Six months ago I confessed to being an introvert. Over the next couple of weeks I’ll be posting about what that means in practical terms. I want to let you know right up front that I am not an expert, but I am sharing my experiences and personal study with you.
Introverts are everywhere, but I think we are probably one of the most misunderstood minorities on the planet. As far as I can tell, there aren’t any definitive figures to say how many of us are out there, but generally you seem to find more of us in the arts community and in academia.
Here are some ways you can spot an introvert:
- you think the person is “too serious”
- they like to spend a lot of time alone
- they don’t do small talk
- they appear uncomfortable in groups of people, but are often good public speakers
- you consider this person aloof, rude, or maybe arrogant
- they like to have long conversations about feelings or ideas
- they have to be dragged to parties or social events
Do you know someone that fits the bill?

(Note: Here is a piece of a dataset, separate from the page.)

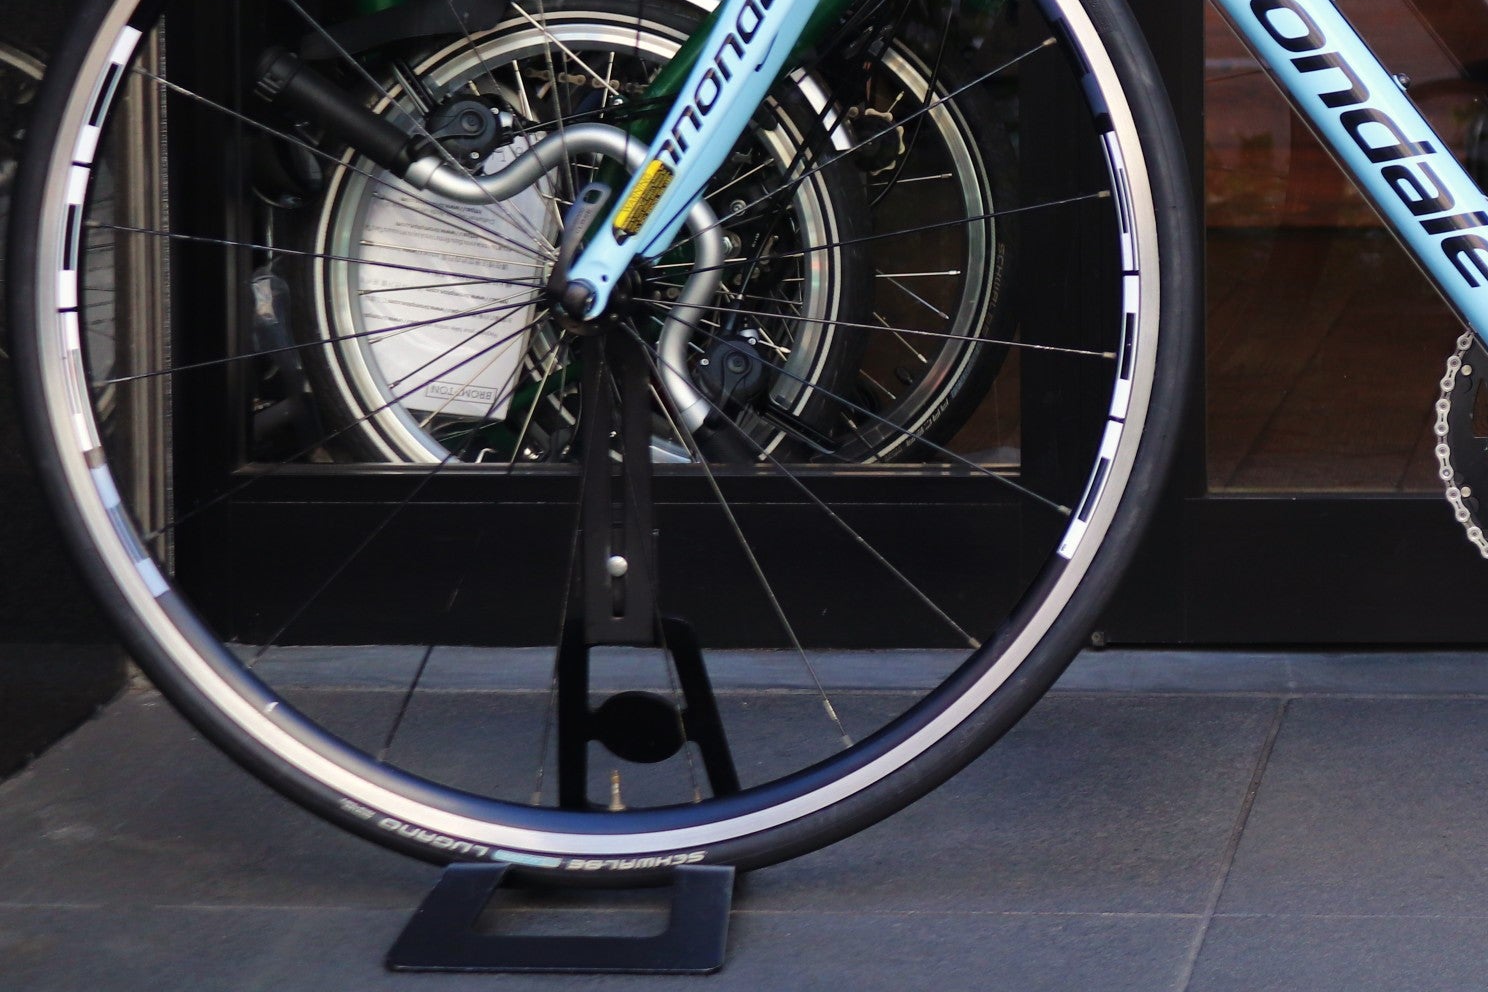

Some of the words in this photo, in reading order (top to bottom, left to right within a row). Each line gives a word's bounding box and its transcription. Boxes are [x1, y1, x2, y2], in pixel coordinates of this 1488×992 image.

Chances are you know an introvert.
To an extrovert these things add up to a condition that requires medication to correct. To an introvert this is every day life. This is not a disease to be cured or managed. It’s the way we were created. Through this series of posts I hope to bring some awareness, not only for extroverts needing to know how to relate to an introvert, but for introverts who sometimes struggle to function well in a world where we are largely misunderstood.
Next time we’ll be looking at what defines an introvert from their perspective. What defines an extrovert. What is shyness and why it’s not the same as introversion.
Are you an introvert? Do you know and introvert?